On February 12 a fierce ice storm swept our region, toppling trees everywhere, large limbs blocking our way in and out of our driveway and cutting off power. We had no water (our well runs on electricity), no cell phone service or internet, no way to buy food or water, no heat, and no help. The one thing we had was an old wood stove, but very little wood. We gathered around the wood stove, our daughter and son-in-law, three grandsons, a new baby boy, my wife and I. We cooked pancakes made with milk on the stovetop, until the milk ran out. With no electricity, our refrigerator and freezer shut down and food spoiled.
Friends showed up after a few days and cleared enough limbs so someone could drive in and out. We found water at a distant friend’s but it was another few days before the nearest town was up and running so we could shop. My pressurized hospital bed, which stays inflated with electricity, deflated completely, leaving me sleeping in a deep hole. One evening, anxious to jump start a generator with my minivan, I was rolling in the dark around my car, lost balance on a slope and flipped over backwards, landing hard on my back, my head hitting a hard gravel road. The air got knocked out of me. I struggled to get a breath. I actually saw stars, I mean just beyond my nose. It took 30 minutes for three people to get me safely back in my chair.
I was sore and bruised and had a hard time breathing for the next week or so.
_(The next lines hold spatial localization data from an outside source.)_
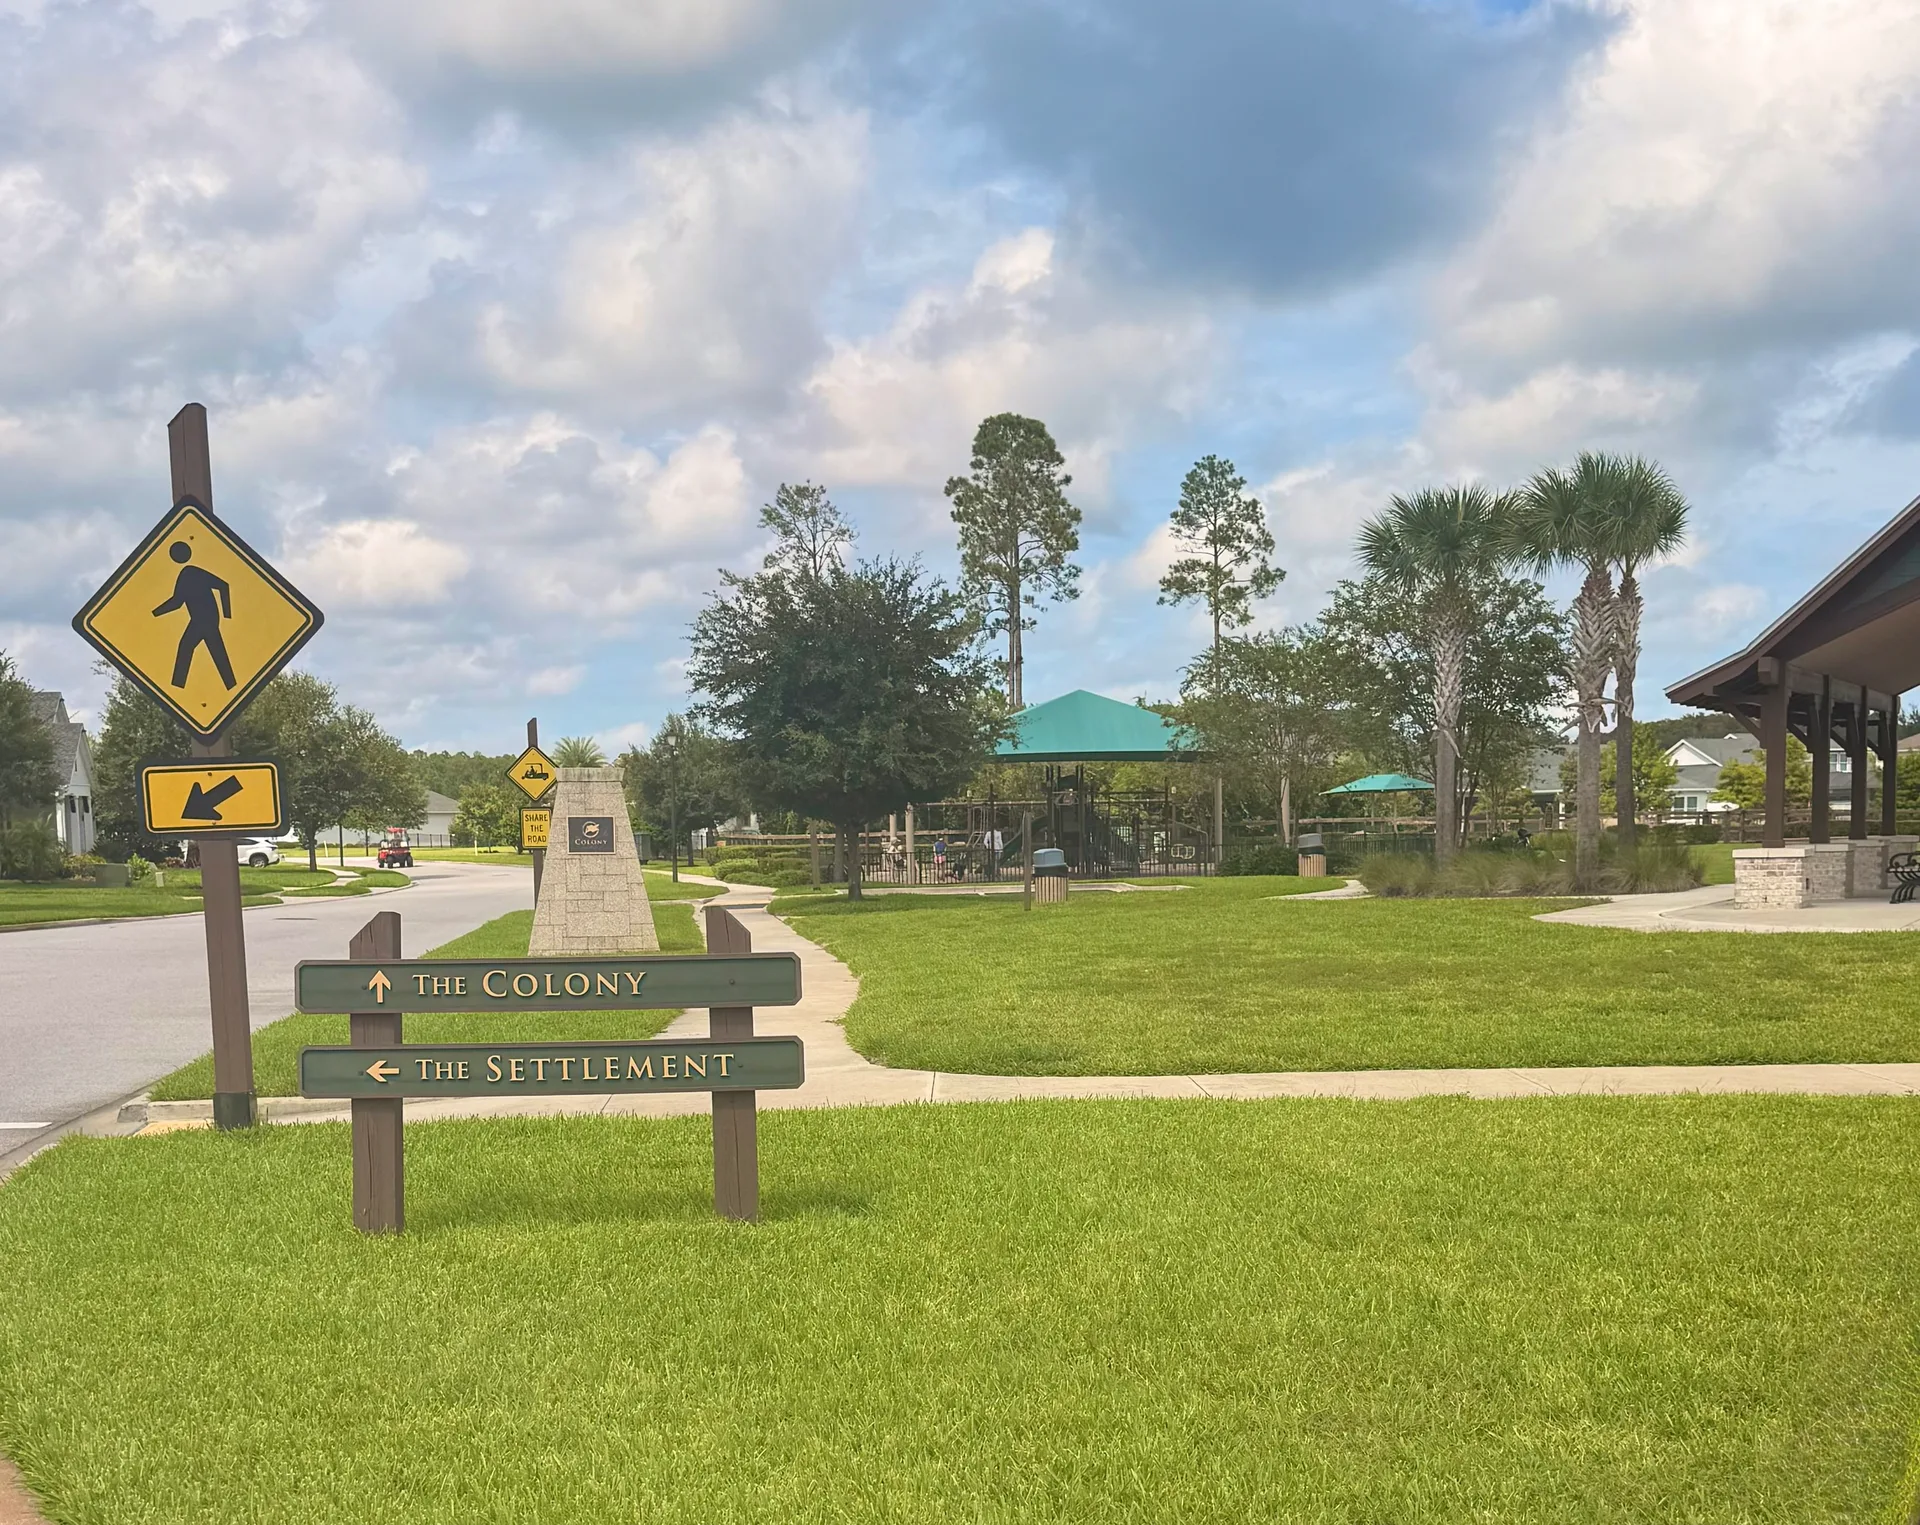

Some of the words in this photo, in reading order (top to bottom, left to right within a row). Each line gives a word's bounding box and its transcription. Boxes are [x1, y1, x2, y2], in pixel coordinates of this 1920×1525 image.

[525, 814, 548, 822] SHARE
[527, 835, 547, 843] ROAD
[412, 974, 467, 996] THE
[482, 969, 647, 998] COLONY
[414, 1058, 470, 1081] THE
[485, 1053, 735, 1082] SETTLEMENT
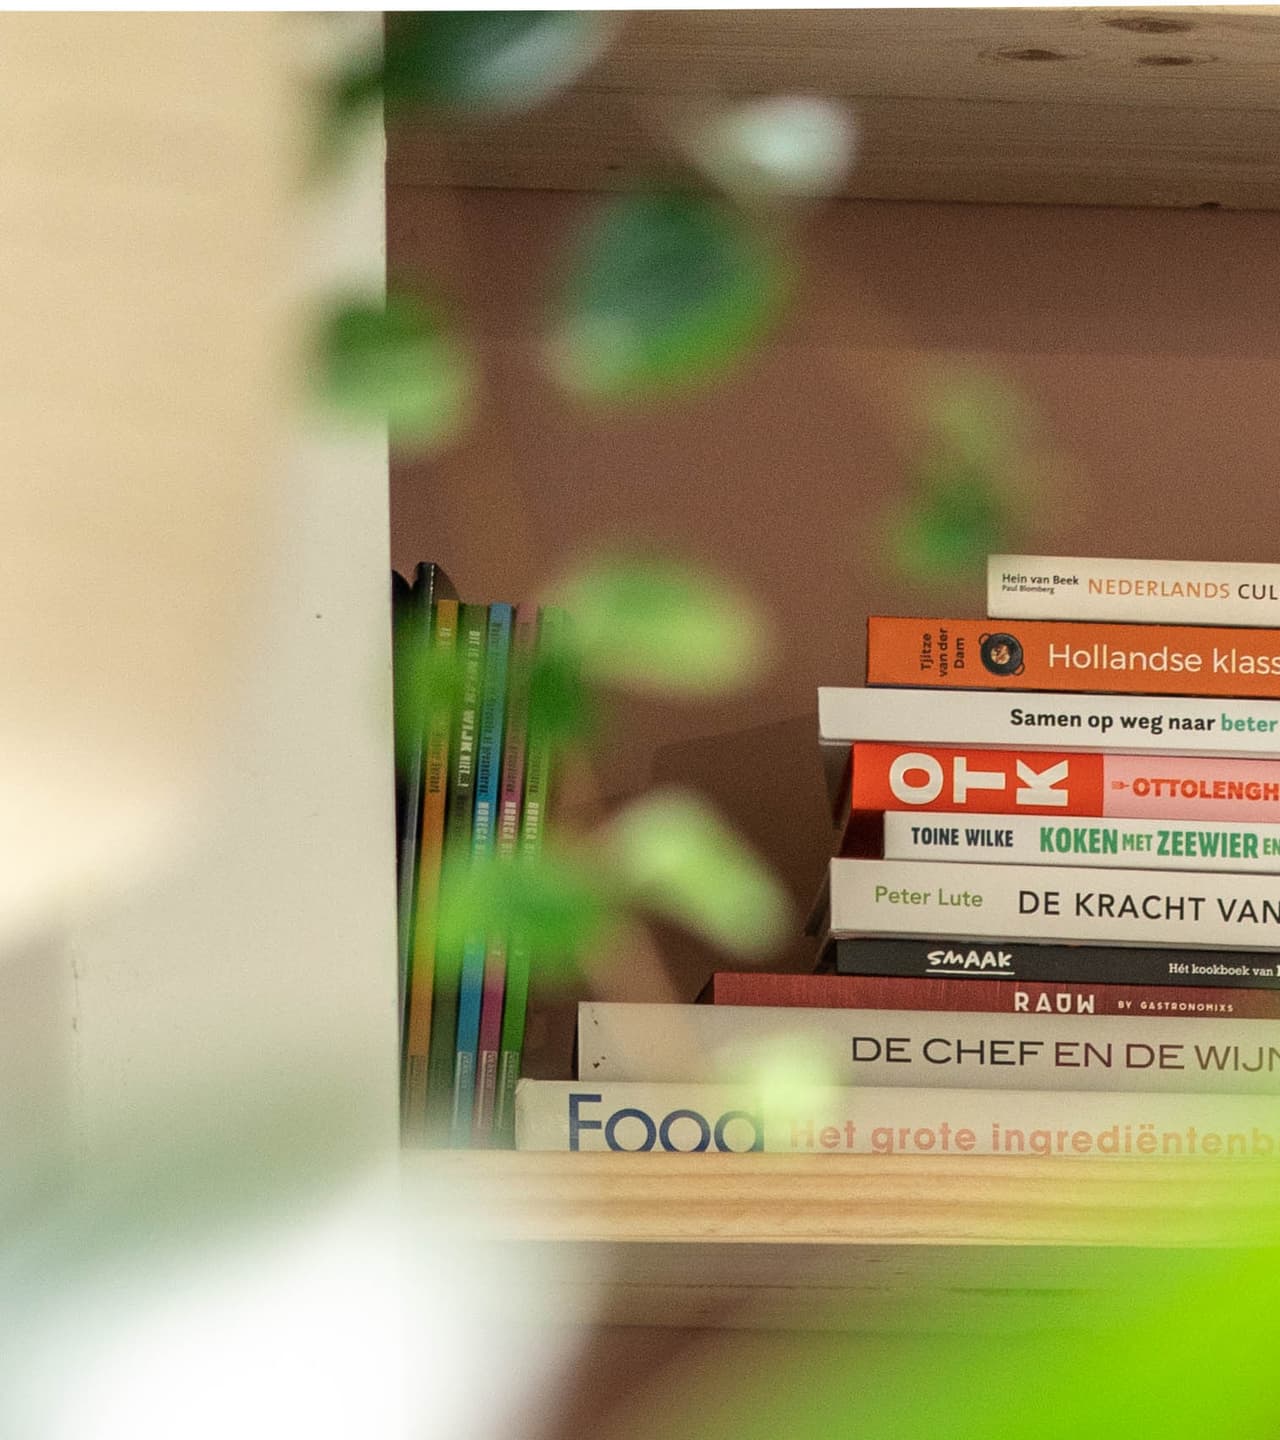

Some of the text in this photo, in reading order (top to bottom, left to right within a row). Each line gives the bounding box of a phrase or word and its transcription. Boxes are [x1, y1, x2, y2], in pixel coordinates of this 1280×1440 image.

[1002, 573, 1079, 587] Hein van Beek
[1088, 577, 1231, 599] NEDERLANDS
[920, 632, 933, 671] Tjitze
[938, 628, 948, 678] van der
[954, 637, 965, 669] Dam
[1048, 643, 1203, 673] Hollandse
[1010, 708, 1082, 729] Samen
[1087, 714, 1114, 734] op
[1119, 715, 1164, 735] weg
[1169, 715, 1216, 732] naar
[1221, 713, 1278, 733] beter
[911, 827, 1014, 848] TOINE WILKE
[1039, 827, 1119, 855] KOKEN
[1122, 833, 1154, 852] MET
[1156, 829, 1259, 859] ZEEWIER
[875, 885, 984, 908] Peter Lute
[1018, 890, 1061, 916] DE
[1075, 892, 1206, 921] KRACHT
[926, 949, 1014, 969] SMAAK
[1191, 963, 1250, 977] kookboek
[1252, 968, 1274, 978] van
[1117, 1000, 1235, 1013] BY GASTRONOMIXS
[852, 1036, 912, 1064] DE
[922, 1038, 1045, 1066] CHEF
[1054, 1042, 1113, 1068] EN
[1125, 1044, 1186, 1070] DE
[789, 1119, 857, 1149] Het
[870, 1121, 977, 1155] grote
I spent a lot of time praying, what we do when it seems we have nowhere to turn. Gradually, one by one, things started to happen. Amazingly, there was no cognitive harm done and I never even had a headache even though I had been having headaches for a couple weeks before that. Was a hard bonk on the head all I needed to reboot?
I managed to get an appointment to be vaccinated and was able to do it at a drive-thru location. After 12 days our power was restored. I published my first blog for the Reeve Foundation. My wife decided to retire, a much-deserved milestone after working from the age of 18. I found a doctor who prescribed just the right medication to take care of my infections. And my wife got her first Covid shot.
Rebooting is truly mysterious. Computers, modems and wi-fi routers spring back to life after being disconnected for a few minutes. People with atrial fibrillation (irregular heartbeat) have their proper cardio rhythm restored after undergoing electric shock to the heart. And getting bonked on the head sometimes works wonders.
This new year let’s reboot, but not like I did. Take time to relax, do nothing and feel grateful for all that went right. Ignore last year’s fears and troubles. Leave it all behind. Go forward with thankfulness and faith in the future. Good luck!